** What to do **
Transcribe everything in the listing as written, and let no image into the copy.

** Input **
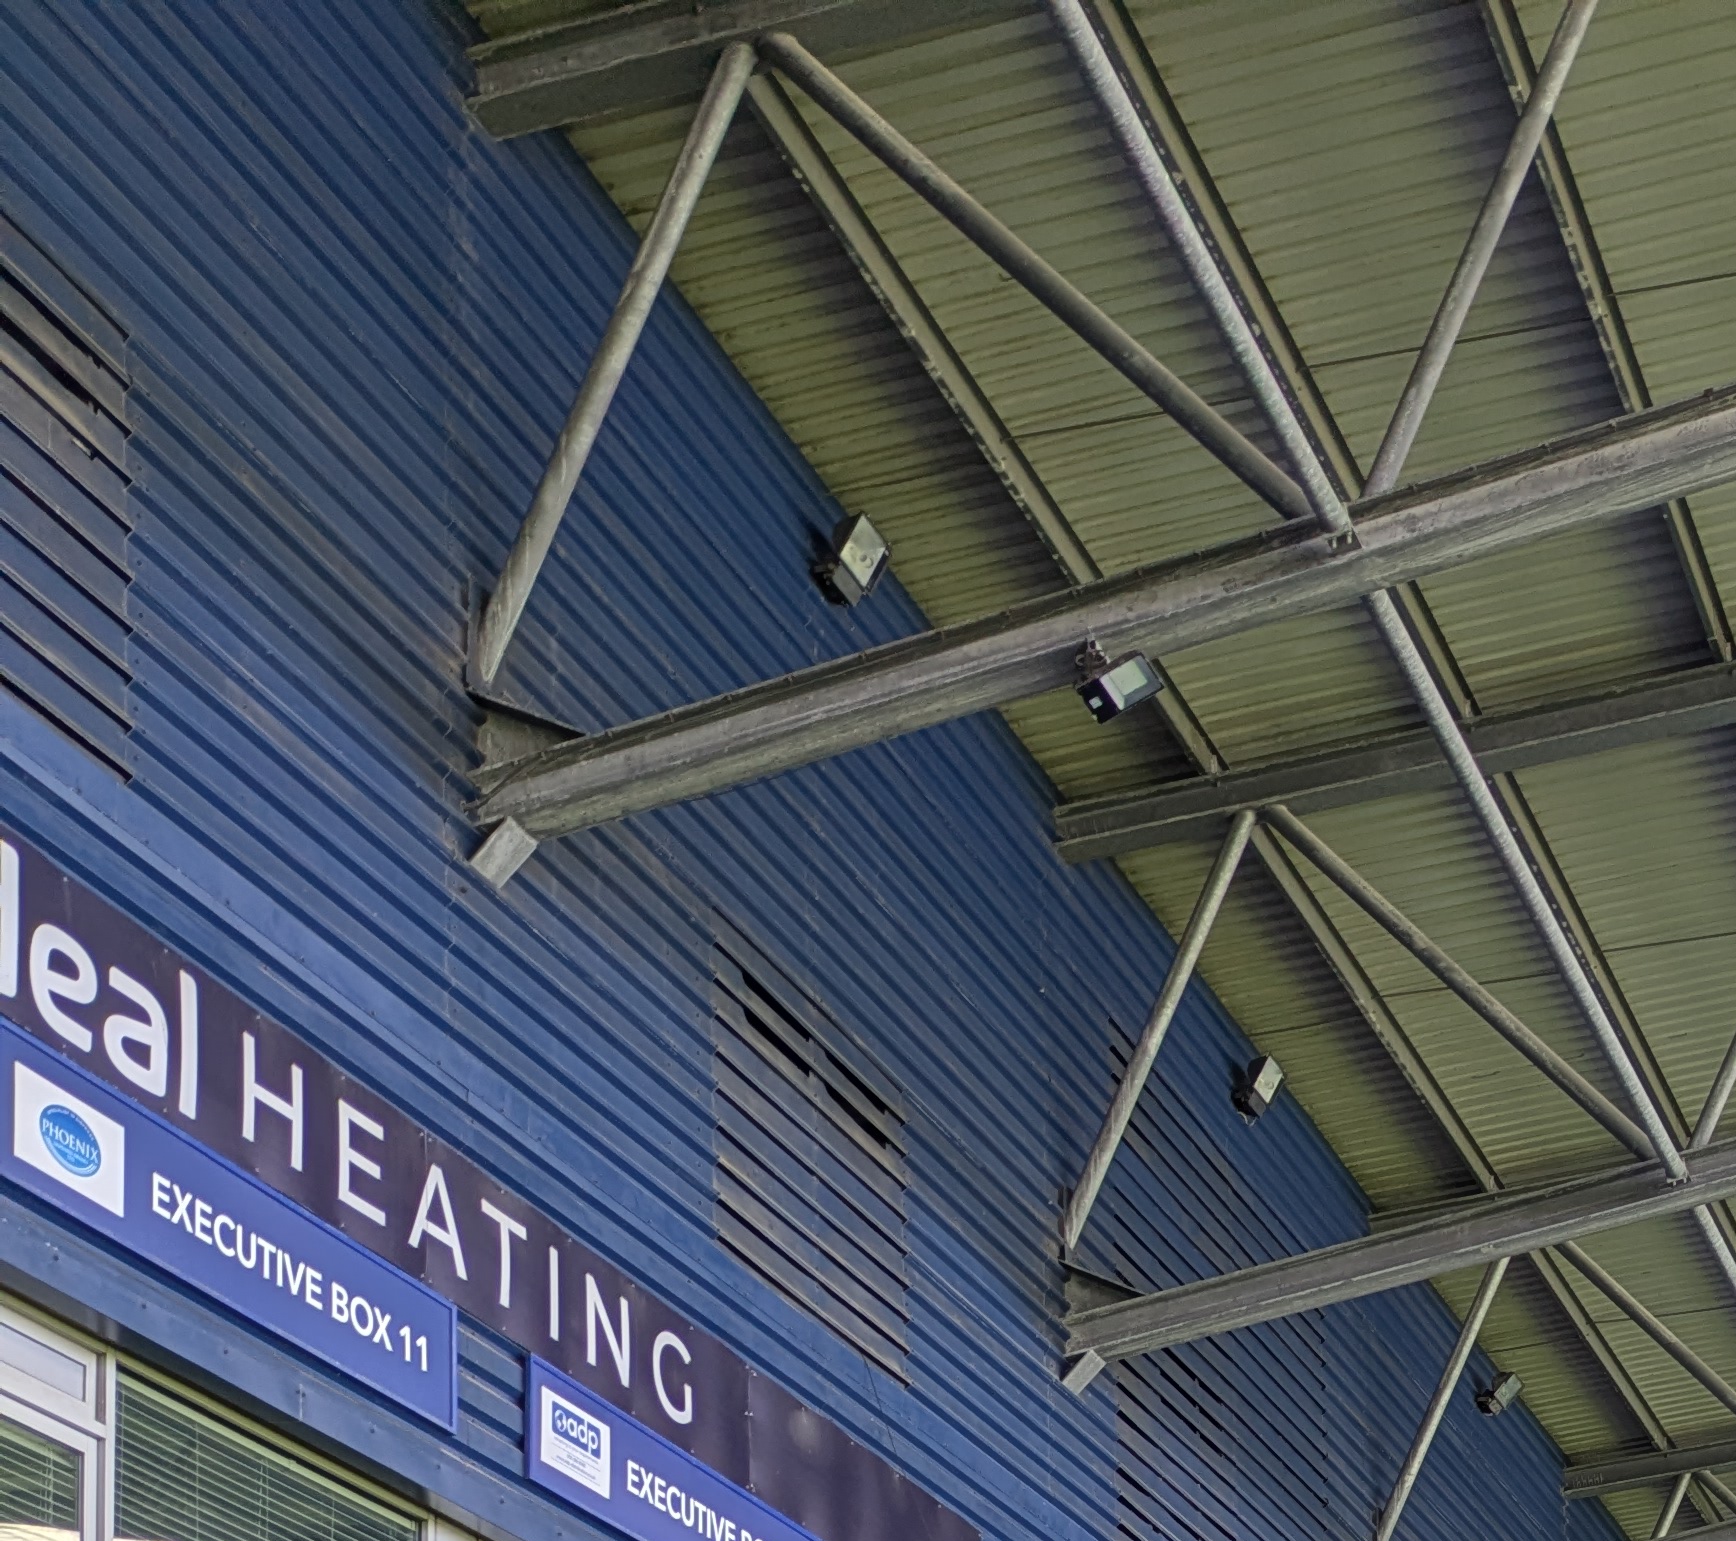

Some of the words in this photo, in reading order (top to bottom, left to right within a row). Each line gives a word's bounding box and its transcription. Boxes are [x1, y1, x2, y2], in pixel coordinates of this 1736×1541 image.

[0, 838, 197, 1120] eal
[241, 1030, 693, 1425] HEATING
[41, 1118, 100, 1165] PHOENIX
[152, 1171, 324, 1310] EXECUTIVE
[331, 1281, 393, 1351] BOX
[399, 1325, 430, 1372] 11
[567, 1417, 599, 1454] adp
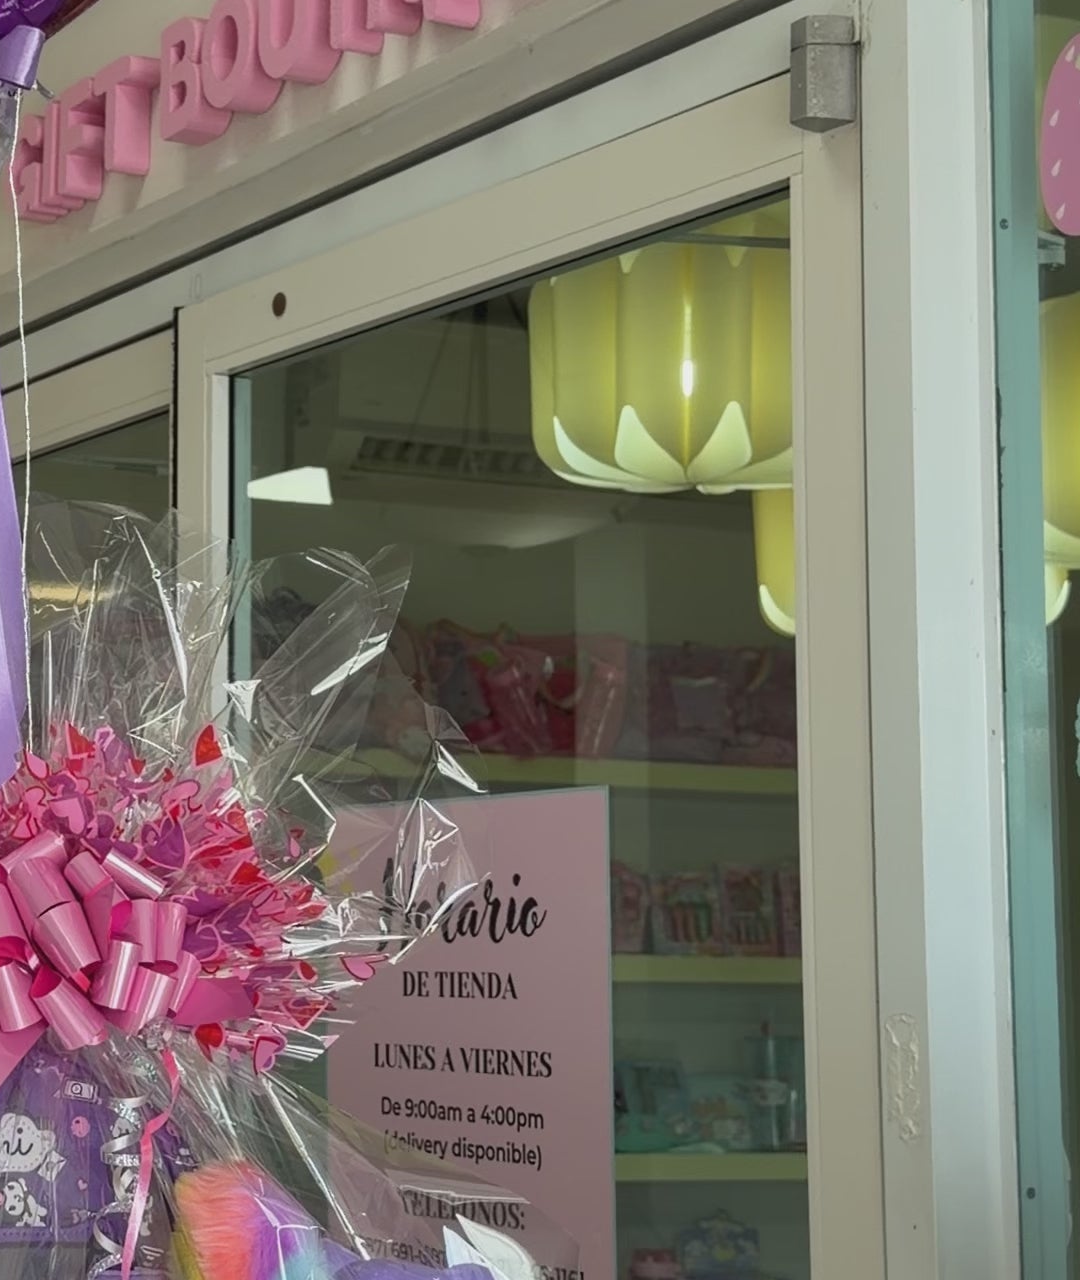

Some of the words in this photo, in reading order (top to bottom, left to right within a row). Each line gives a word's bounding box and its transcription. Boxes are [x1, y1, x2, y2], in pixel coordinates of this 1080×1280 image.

[403, 971, 429, 997] DE
[435, 971, 518, 999] TIENDA
[374, 1043, 436, 1070] LUNES
[441, 1047, 455, 1072] A
[460, 1047, 552, 1078] VIERNES
[381, 1096, 401, 1116] De
[405, 1098, 462, 1122] 9:00am
[467, 1108, 475, 1123] a
[481, 1105, 544, 1132] 4:00pm
[452, 1137, 542, 1171] disponible)

** Result below **
Some of the words in this photo, in reading order (top to bottom, left to right within a row). Each line gives a word's bounding box and its transcription. Boxes are [x1, y1, x2, y2], in pixel coordinates of this 1736×1541 image.

[0, 838, 197, 1120] eal
[241, 1030, 693, 1425] HEATING
[41, 1118, 100, 1165] PHOENIX
[152, 1171, 324, 1310] EXECUTIVE
[331, 1281, 393, 1351] BOX
[399, 1325, 430, 1372] 11
[567, 1417, 599, 1454] adp

Some of the words in this photo, in reading order (top to bottom, left to right within a row). Each line gives a word's bounding box and its transcription. Boxes are [x1, y1, x2, y2], in pixel coordinates of this 1080×1280 image.

[403, 971, 429, 997] DE
[435, 971, 518, 999] TIENDA
[374, 1043, 436, 1070] LUNES
[441, 1047, 455, 1072] A
[460, 1047, 552, 1078] VIERNES
[381, 1096, 401, 1116] De
[405, 1098, 462, 1122] 9:00am
[467, 1108, 475, 1123] a
[481, 1105, 544, 1132] 4:00pm
[452, 1137, 542, 1171] disponible)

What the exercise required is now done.